NO, IT WASN'T A STRATEGY HERE NOT PRESENTED TO THE JURY. WHAT ACTUALLY HAPPENED IN THIS CASE WHAT MR.^ULLMAN TESTIFIED TO WAS THAT HE WAS RELYING UPON AN EXPERT, DR.^MACALOOSA WHO WAS ONE OF THREE EXPERTS WHO HAD EVALUATED MR.^BLACKWOOD FOR COMPETENCEY. HE WAS THE ONLY ONE WHO FOUND HIM NOT COMPETENT TO PROCEED TO TRIAL TO MR.^ULLMAN FELT THAT WOULD BE HIS BEST EXPERT FOR MITIGATION PURPOSES. PRIOR TO THE GUILT PHASE OF THIS TRIAL, HIS TIME RECORDS WERE INTRODUCED AT THE EVIDENTIARY HEARING AND THEY INDICATE THAT HE DID SEND A MEDICATION PACKAGE TO MR.^MACALOOSA AND DID A FOLLOW-UP LETTER TO HIM.

WHAT DID THAT PACKAGE INCLUDE? BECAUSE THERE ARE OTHER INDICATIONS IN THE RECORD THAT HE DID NOT SEND HIM A LOT OF INFORMATION THAT YOU WOULD NORMALLY SEND TO AN EXPERT.

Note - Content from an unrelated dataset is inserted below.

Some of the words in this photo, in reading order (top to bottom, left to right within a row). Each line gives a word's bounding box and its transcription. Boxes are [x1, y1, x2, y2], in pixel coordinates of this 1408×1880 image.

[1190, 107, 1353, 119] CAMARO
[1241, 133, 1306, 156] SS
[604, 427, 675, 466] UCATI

WHAT WAS INCLUDED IN THE PACKET WAS NOT WRITTEN DOWN ON THE TIME RECORDS AND MR.^ULLMAN DID NOT HAVE A RECOLLECTION OF EXACTLY WHAT WAS INCLUDED. SO THAT NEVER, YOU KNOW, WAS TESTIFIED TO AT THE HEARING. BUT WHAT HAPPENED WAS THEN THEY HAD THE GUILT PHASE AND AFTER HE HAD A VERDICT OF GUILTY, HE SENT DR.^MACALOOSA ANOTHER LETTER SAYING NOW I WOULD LIKE YOU TO EXAMINE MY CLIENT FOR THE STATUTORY MITIGATION. THERE WAS A SECOND LETTER SENT BY HIM AND THEN BASICALLY PRIOR TO THE PENALTY PHASE HE RECEIVED A LETTER BACK FROM DR.^MACALOOSA WHICH WAS THE FIRST INDICATION HE RECEIVED THAT DR.^MACALOOSA WOULD NOT BE ABLE TO BE HIS EXPERT.

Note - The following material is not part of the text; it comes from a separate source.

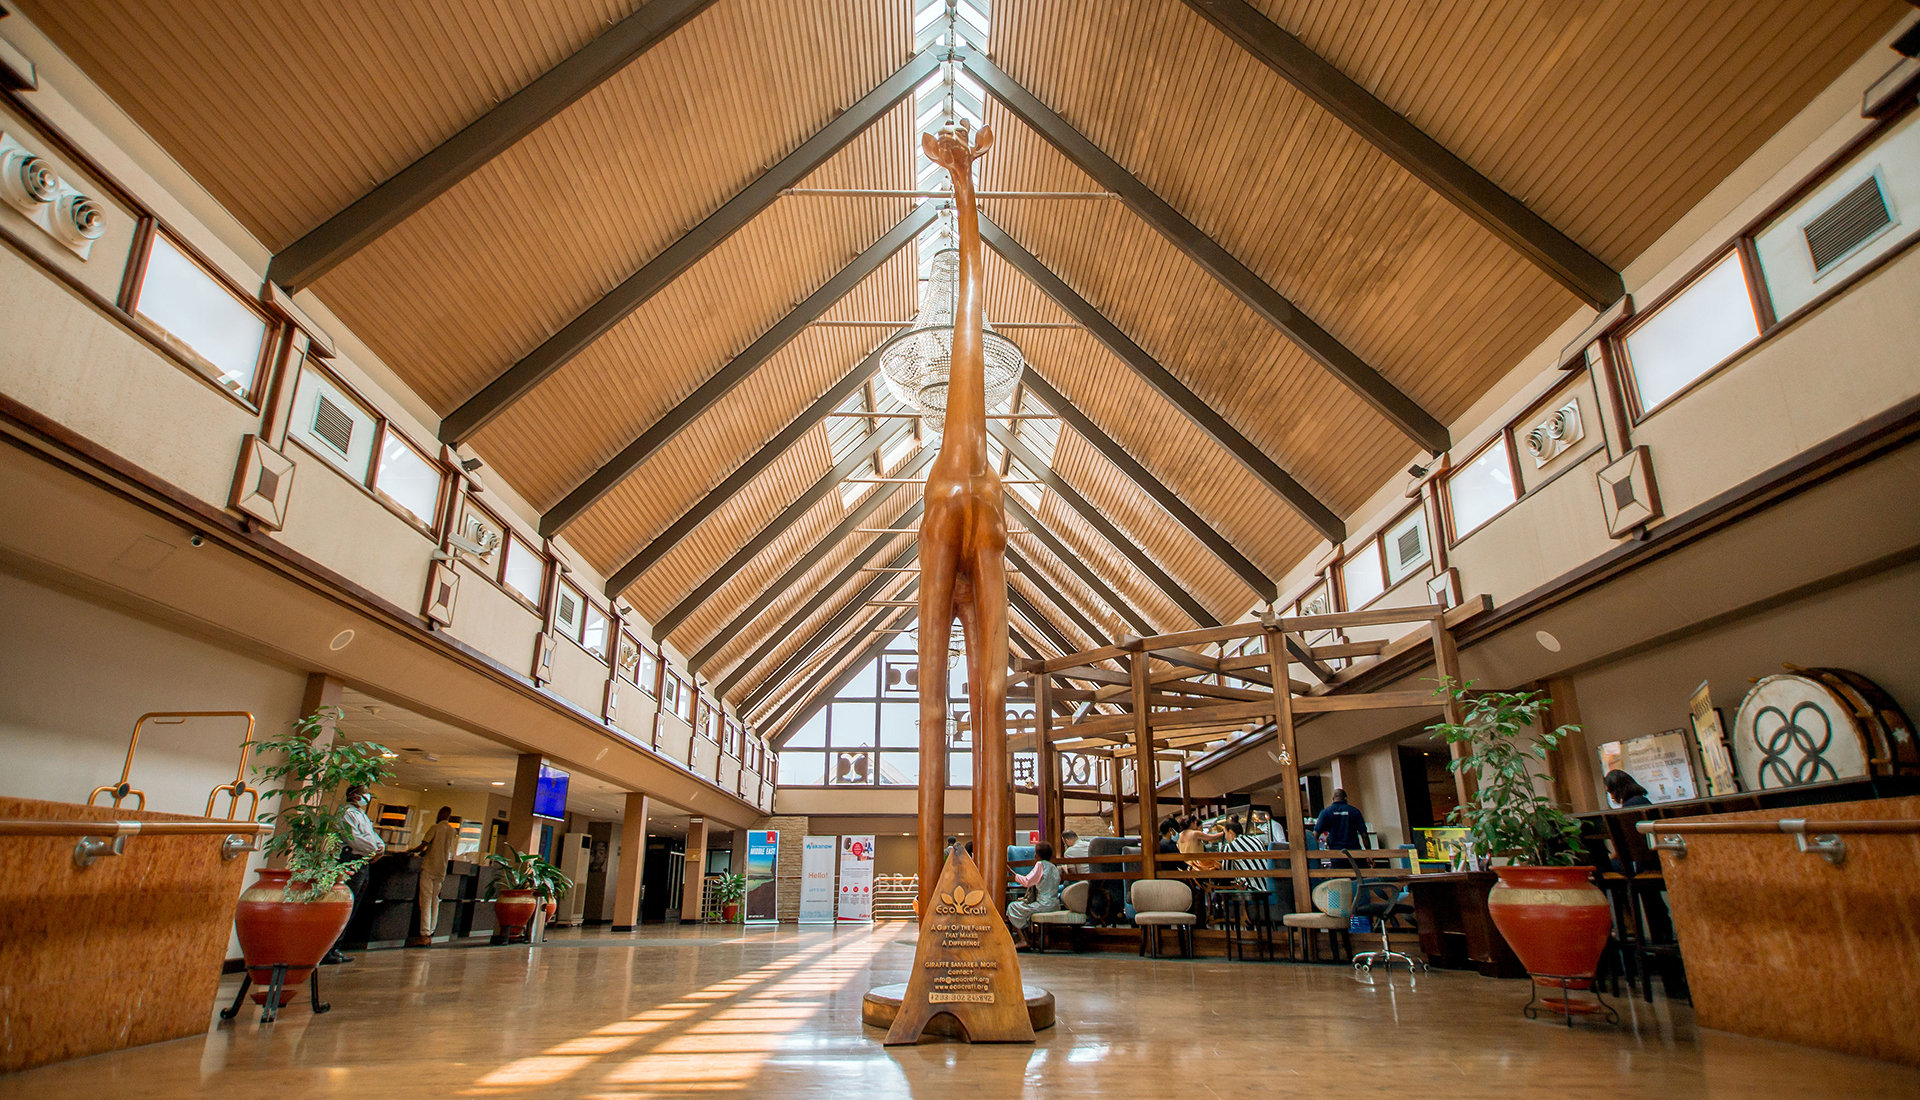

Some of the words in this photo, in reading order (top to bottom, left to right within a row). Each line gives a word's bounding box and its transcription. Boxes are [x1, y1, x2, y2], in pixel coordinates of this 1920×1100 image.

[935, 905, 956, 914] Eco
[963, 905, 987, 915] Craft
[924, 961, 949, 969] GIRAFFE
[934, 976, 990, 984] info@ecocraft.org

CHIEF JUSTICE: THERE WAS SOME ANSWER THAT THE DEFENSE LAWYER SAID WAS A CYA TYPE OF THING. HE SAID I NEED ANOTHER $150 OR SOMETHING?

WELL, THERE WAS SOME DISPUTE AS TO WHETHER DR.^MACALOOSA DID NOT WANT TO TESTIFY BECAUSE OF THE FEE. THE FEE WAS NOT HIGH ENOUGH FOR HIM. SO MR.^ULLMAN WAS INVESTIGATING AND WAS INVESTIGATING USING A MENTAL HEALTH EXPERT. SO IT WASN'T THAT HE DIDN'T WANT TO. IT WAS THAT UNFORTUNATELY FOR HIM THE EXPERT THAT HE HAD RELIED UPON ALL ALONG AT THE LAST MINUTE BACKED OUT.

WELL, DID HE MOVE THROUGH A CONTINUANCE THEN?

NO, AS THE TRIAL COURT FOUND HE DID NOT MOVE FOR A CONTINUANCE.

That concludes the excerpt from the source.